→ Annotated photo localization data
◆ ◆ ◆ ◆ ◆
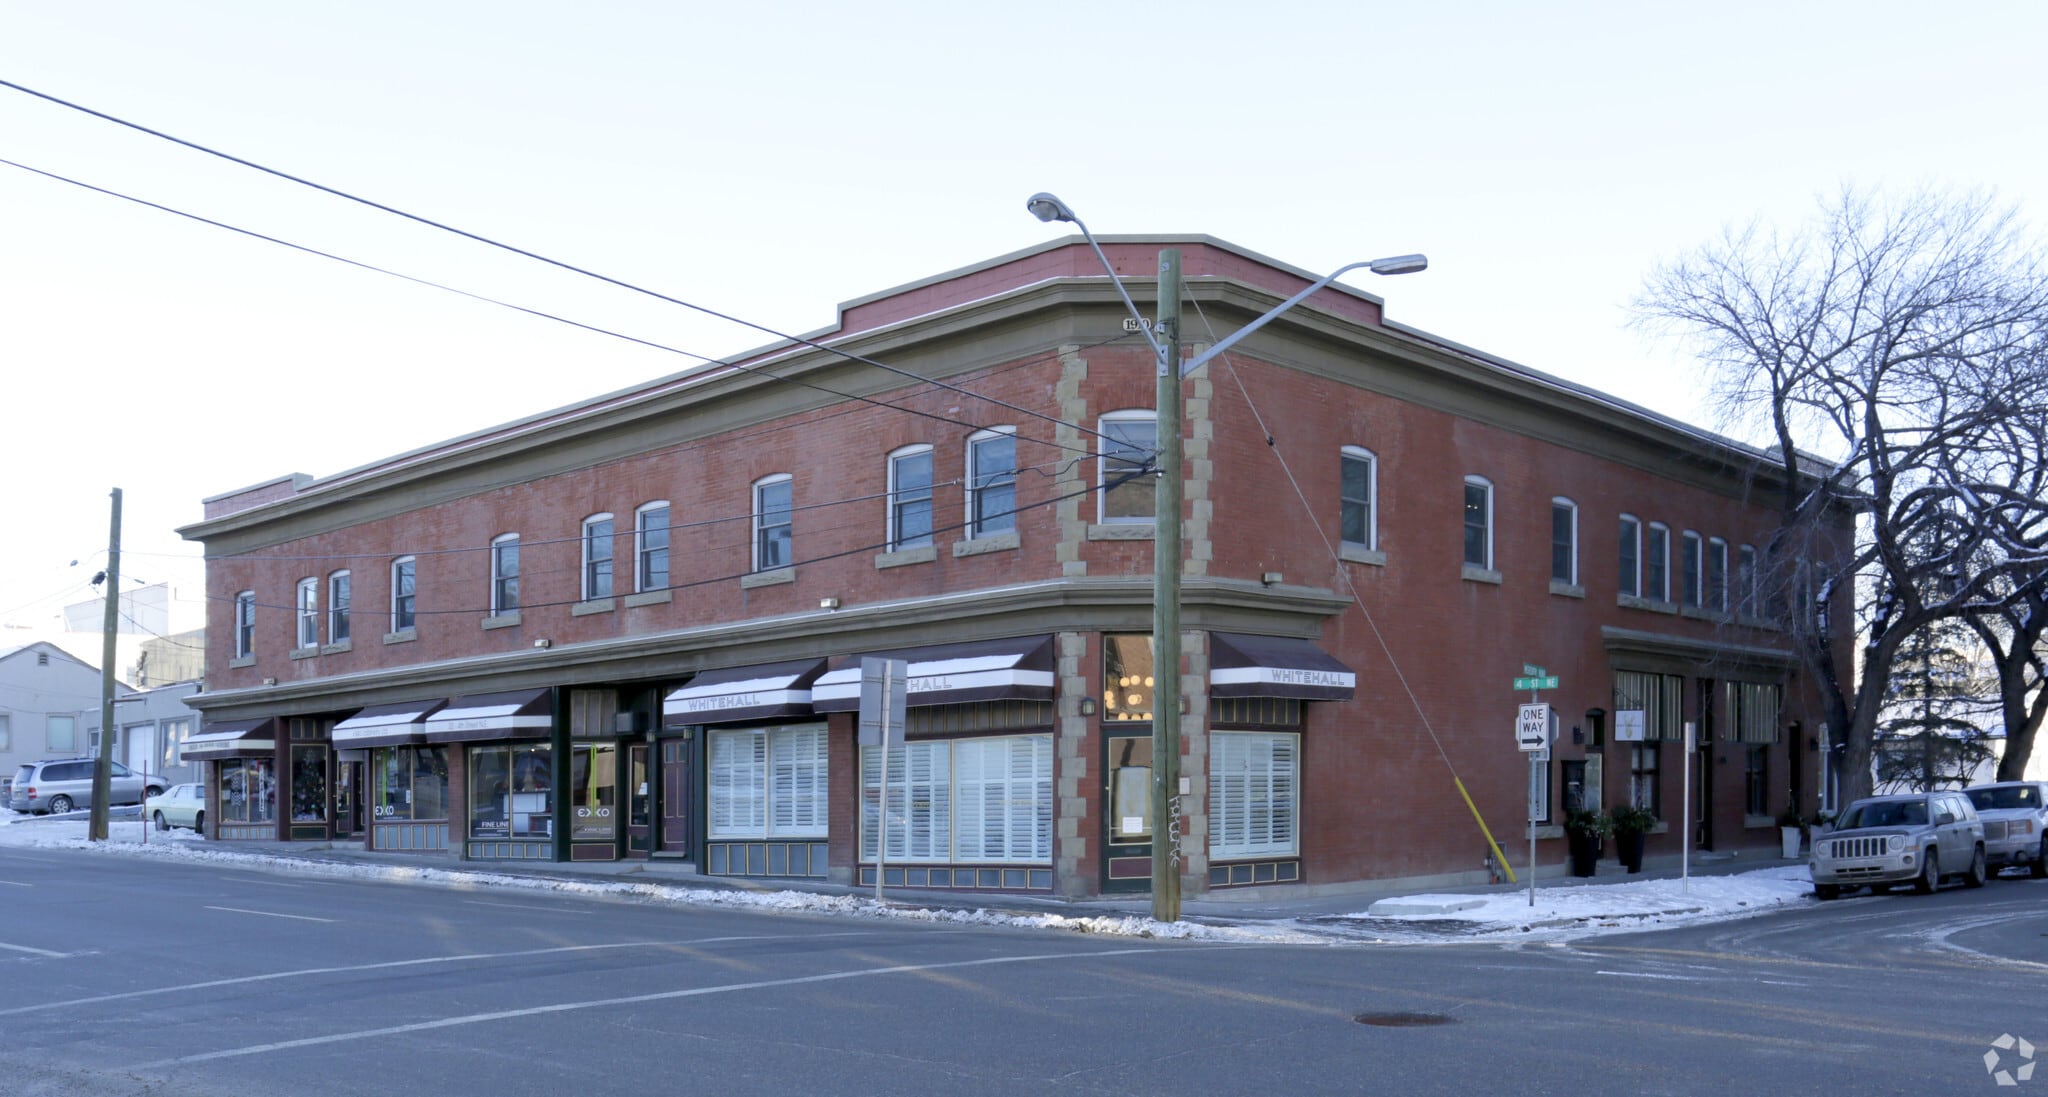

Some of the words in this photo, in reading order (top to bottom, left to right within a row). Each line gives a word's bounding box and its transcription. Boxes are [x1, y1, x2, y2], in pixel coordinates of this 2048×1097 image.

[1126, 319, 1149, 330] 190
[1271, 669, 1345, 686] WHITEHALL
[1516, 680, 1522, 689] 4
[1530, 679, 1539, 689] ST
[688, 694, 760, 711] WHITEHALL
[1523, 709, 1544, 721] ONE
[1522, 722, 1544, 734] WAY
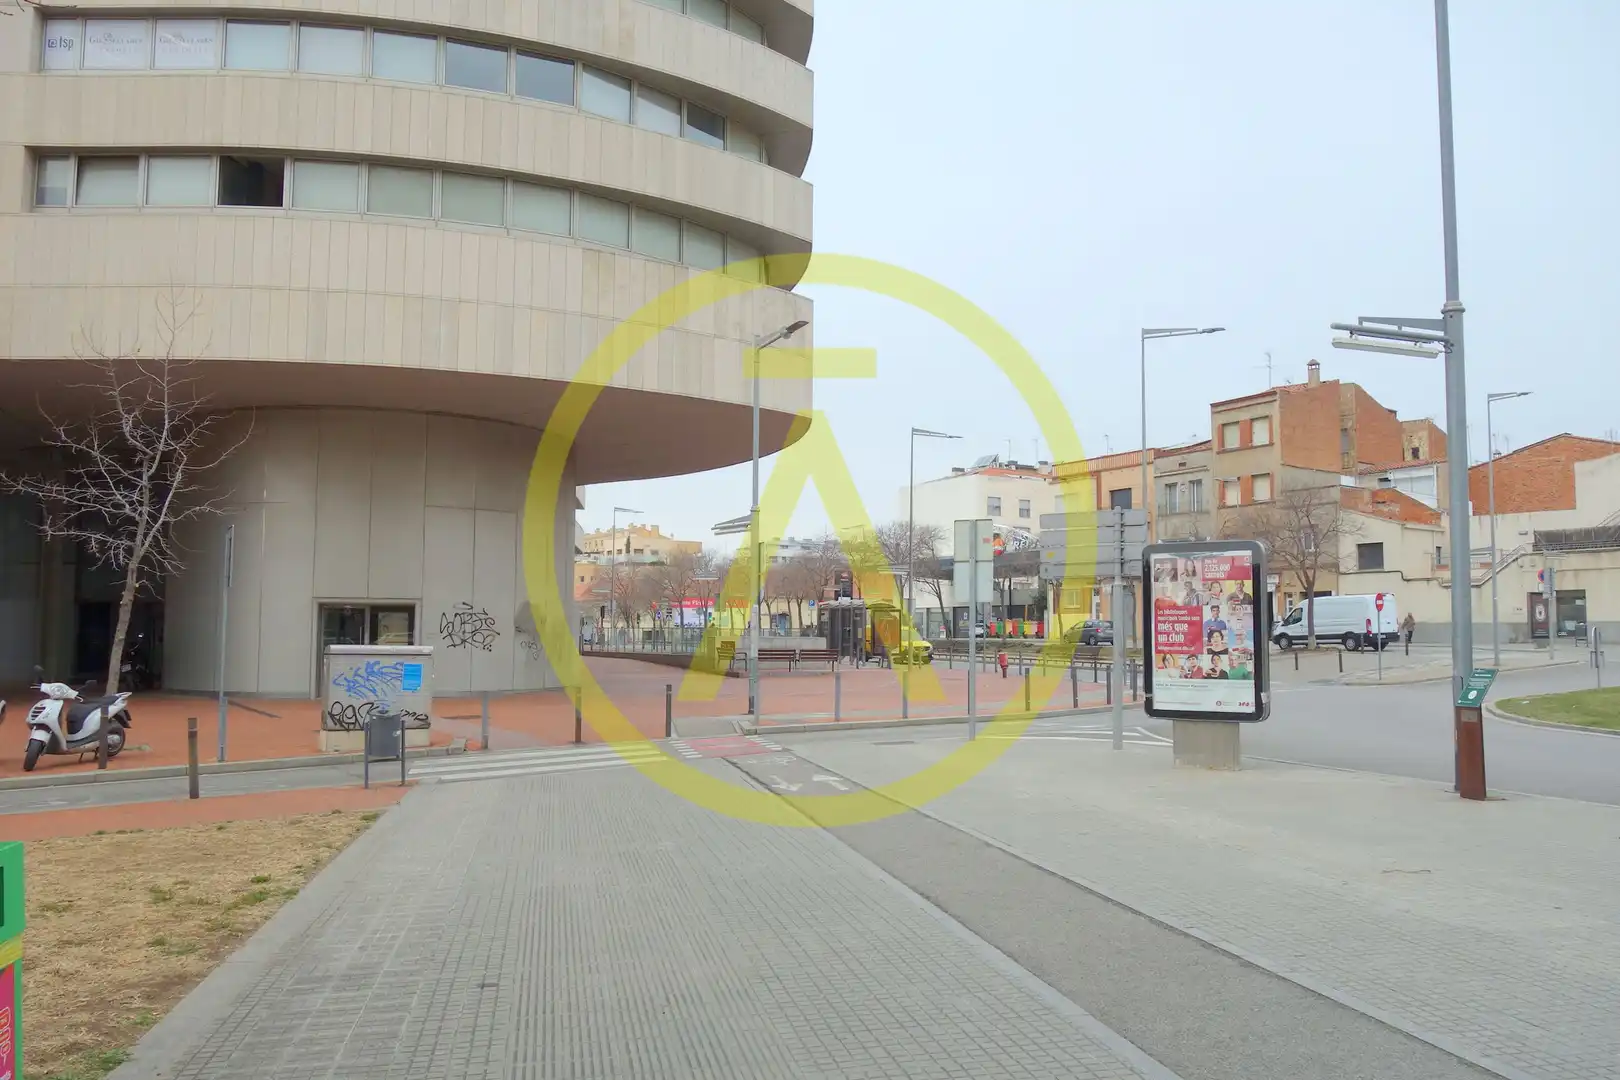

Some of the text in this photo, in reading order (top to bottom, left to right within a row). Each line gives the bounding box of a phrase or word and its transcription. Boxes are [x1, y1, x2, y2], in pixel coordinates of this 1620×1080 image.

[1157, 621, 1189, 632] més que
[1157, 632, 1185, 642] un club
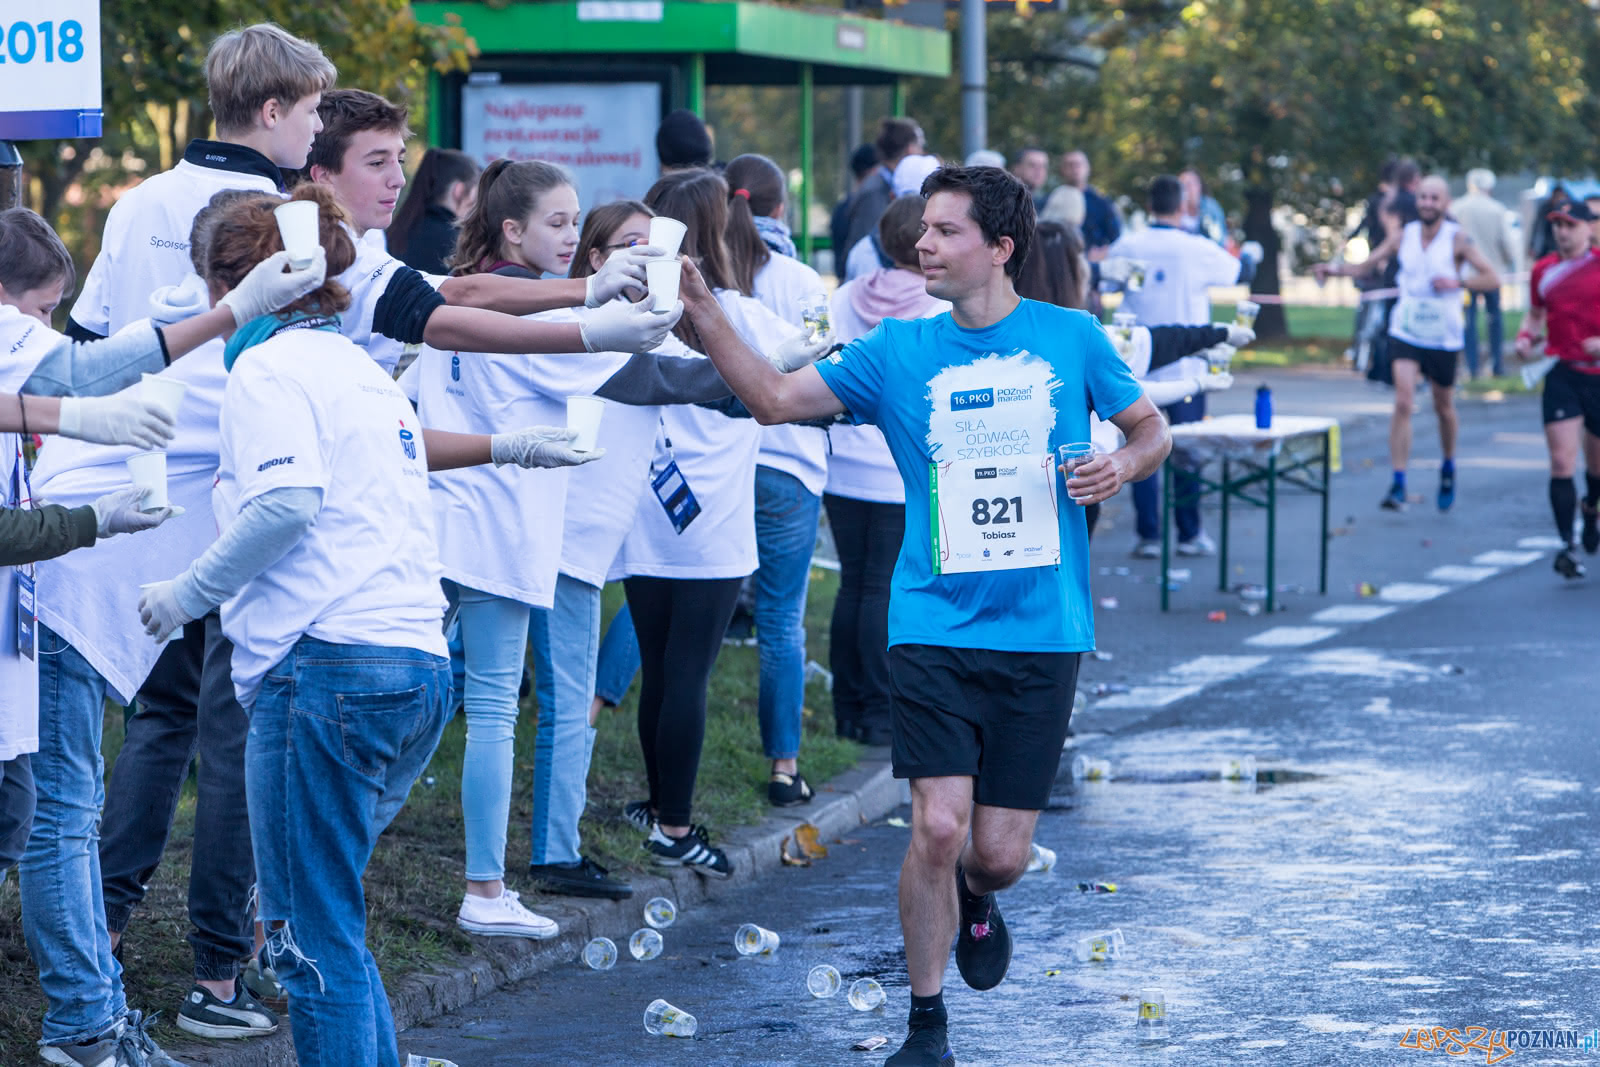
◆ ◆ ◆ ◆ ◆
→ Task to carry out
Nothing but the records, repeated exactly and stripped of pictures, should appear in the answer.

→ Result of this exercise
Some of the words in this photo, in reading order (top to bottom, left to right within a row). Each line gives a word's bounding box and its transcription. Boxes are [x1, y1, x2, y2], in pixel coordinates of this 2048×1097 image.

[1126, 319, 1149, 330] 190
[1271, 669, 1345, 686] WHITEHALL
[1516, 680, 1522, 689] 4
[1530, 679, 1539, 689] ST
[688, 694, 760, 711] WHITEHALL
[1523, 709, 1544, 721] ONE
[1522, 722, 1544, 734] WAY

Some of the text in this photo, in reading order (top to bottom, left to right within a row). Each line gives the bounding box of a phrase or word and its transcription. Boxes are [x1, y1, x2, y2], in pixel coordinates of this 1620×1080 image.

[1157, 621, 1189, 632] més que
[1157, 632, 1185, 642] un club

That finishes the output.